• **BRIEF**:
Retype every record exactly. Skip the images.

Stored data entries

*-*-*

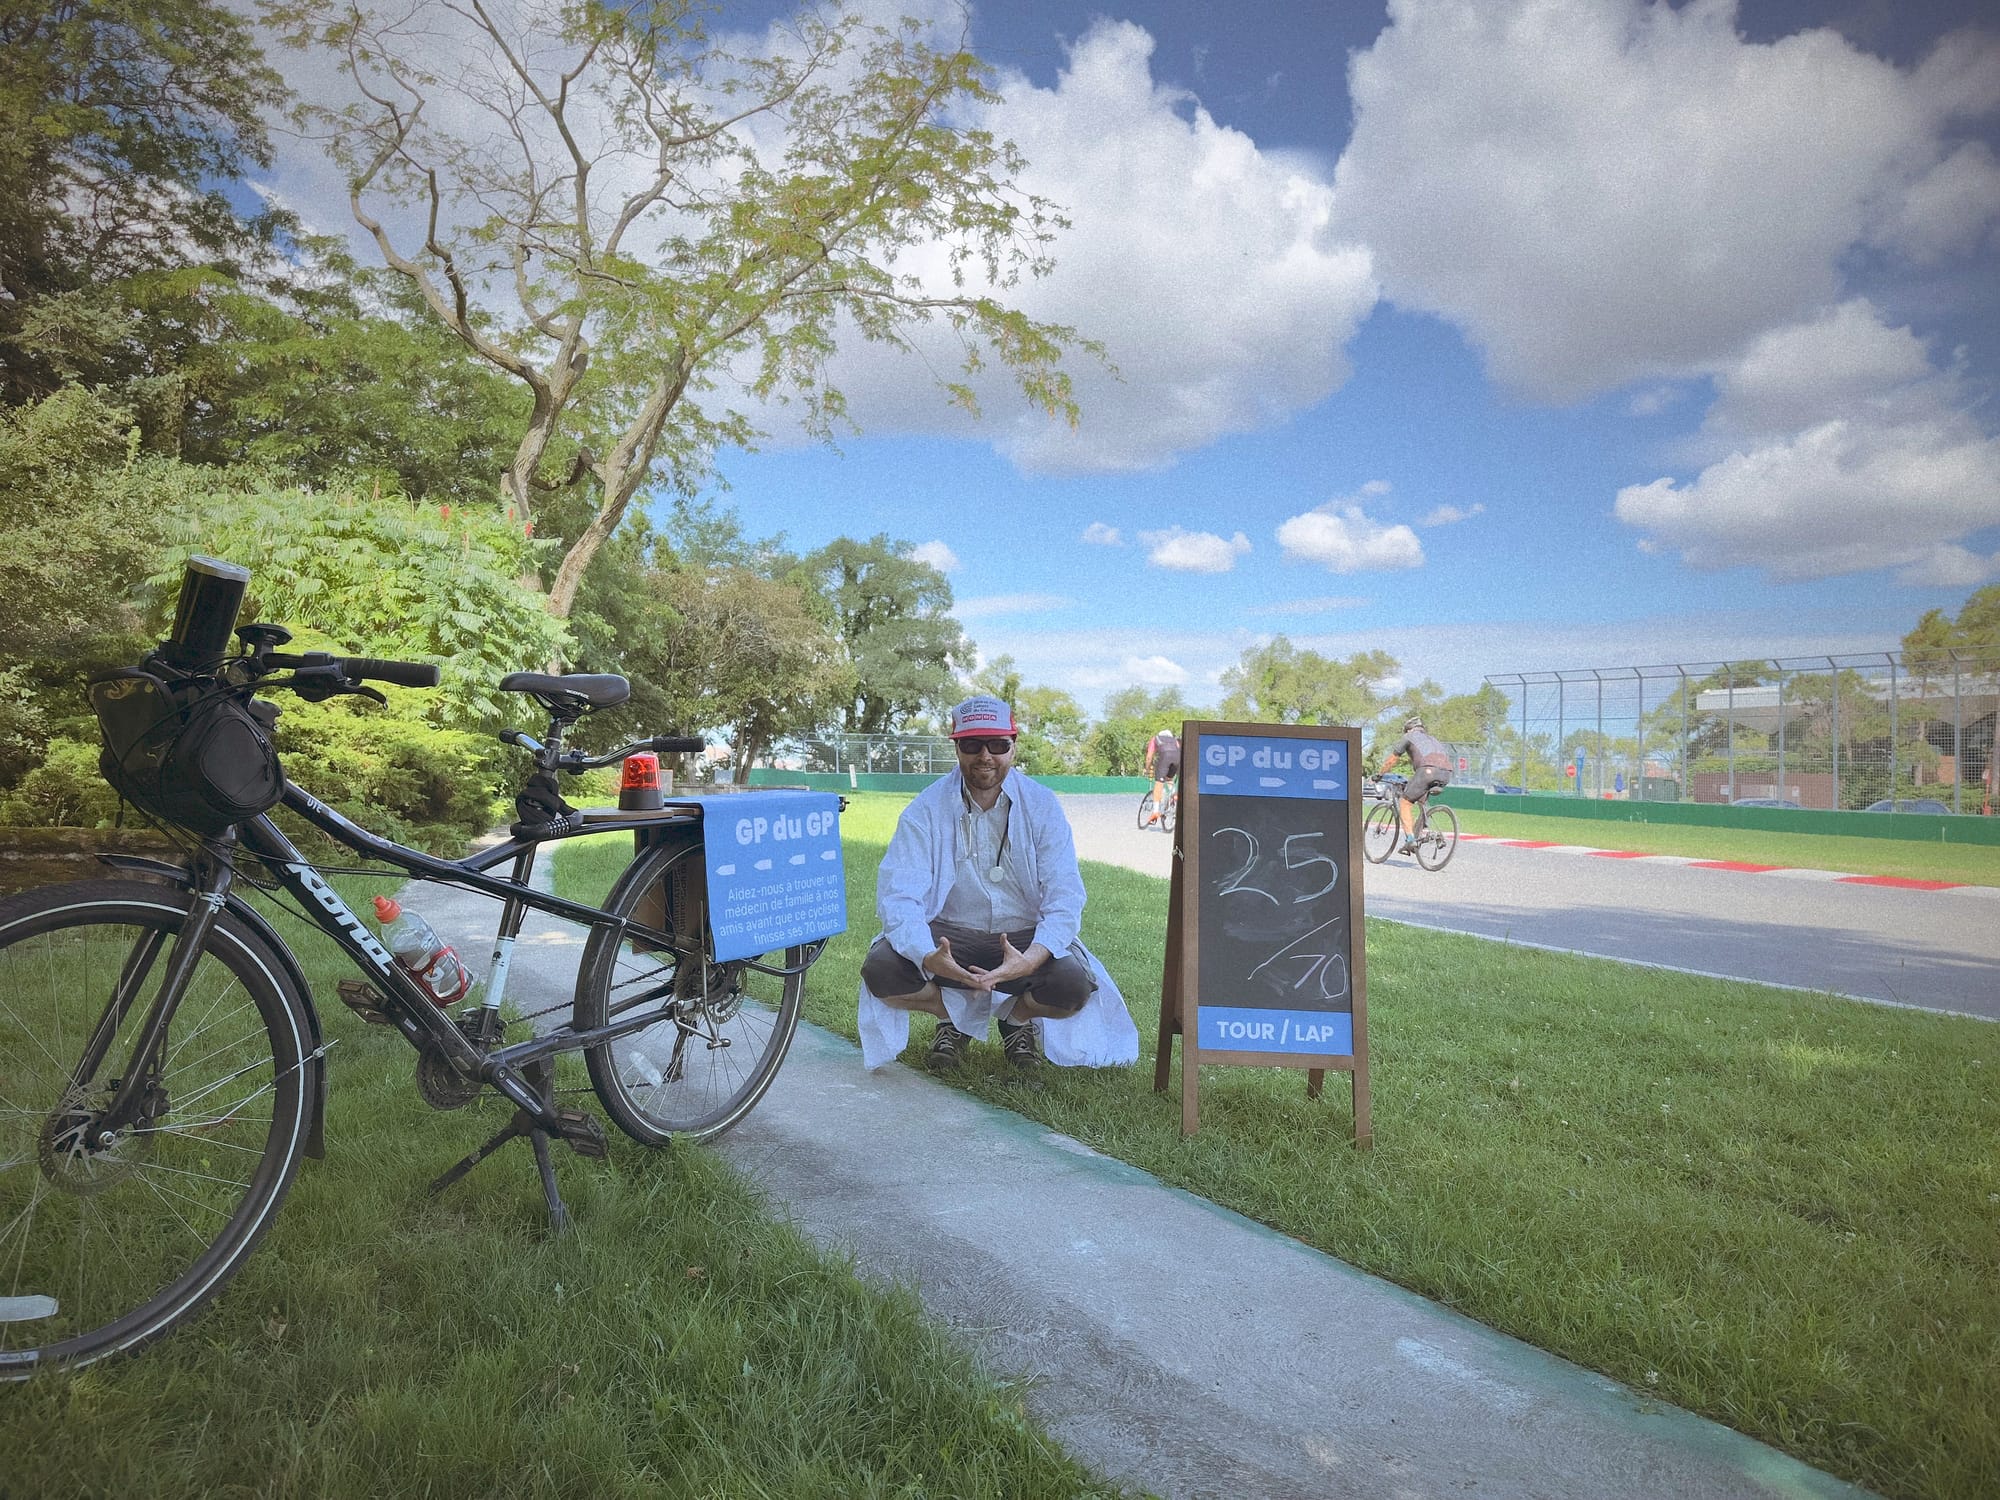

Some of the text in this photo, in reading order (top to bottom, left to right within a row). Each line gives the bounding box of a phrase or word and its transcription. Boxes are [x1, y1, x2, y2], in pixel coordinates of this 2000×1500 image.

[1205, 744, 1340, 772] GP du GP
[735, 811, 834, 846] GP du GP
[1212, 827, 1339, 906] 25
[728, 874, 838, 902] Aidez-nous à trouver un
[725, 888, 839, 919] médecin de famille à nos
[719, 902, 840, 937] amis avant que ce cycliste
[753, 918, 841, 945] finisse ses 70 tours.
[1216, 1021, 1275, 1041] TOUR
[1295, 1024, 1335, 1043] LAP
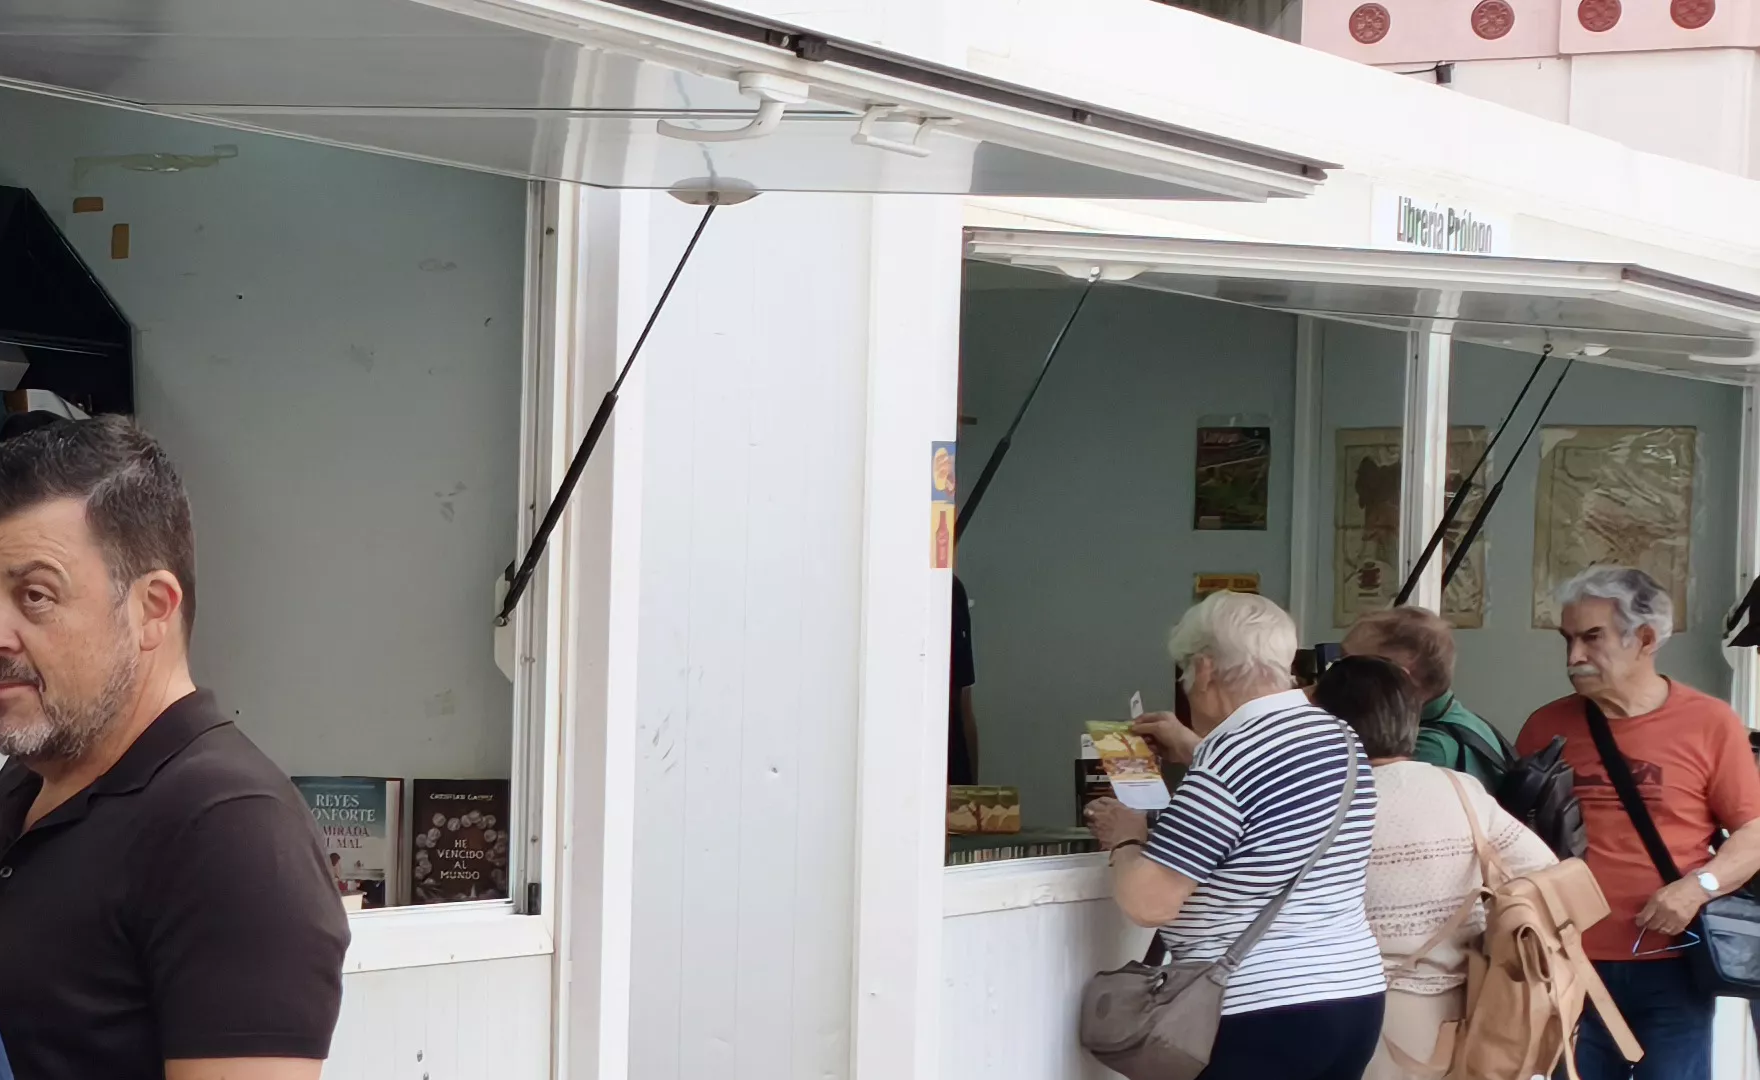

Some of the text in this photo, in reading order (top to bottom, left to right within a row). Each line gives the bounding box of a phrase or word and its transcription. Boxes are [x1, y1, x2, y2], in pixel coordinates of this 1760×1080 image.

*-*-*

• **OUTPUT FOR THIS TASK**:
Some of the text in this photo, in reading order (top to bottom, left to right within a row). Each line gives the bounding box of a phrase or word and its transcription. Boxes are [x1, y1, x2, y2], in pixel coordinates of this 2000×1500 image.

[1205, 744, 1340, 772] GP du GP
[735, 811, 834, 846] GP du GP
[1212, 827, 1339, 906] 25
[728, 874, 838, 902] Aidez-nous à trouver un
[725, 888, 839, 919] médecin de famille à nos
[719, 902, 840, 937] amis avant que ce cycliste
[753, 918, 841, 945] finisse ses 70 tours.
[1216, 1021, 1275, 1041] TOUR
[1295, 1024, 1335, 1043] LAP

Some of the text in this photo, in reading order (top to bottom, left to right within a row). Each line gives the bounding box of a phrase or word and its transcription. Boxes are [x1, y1, x2, y2], in pixel coordinates of this 1760×1080 image.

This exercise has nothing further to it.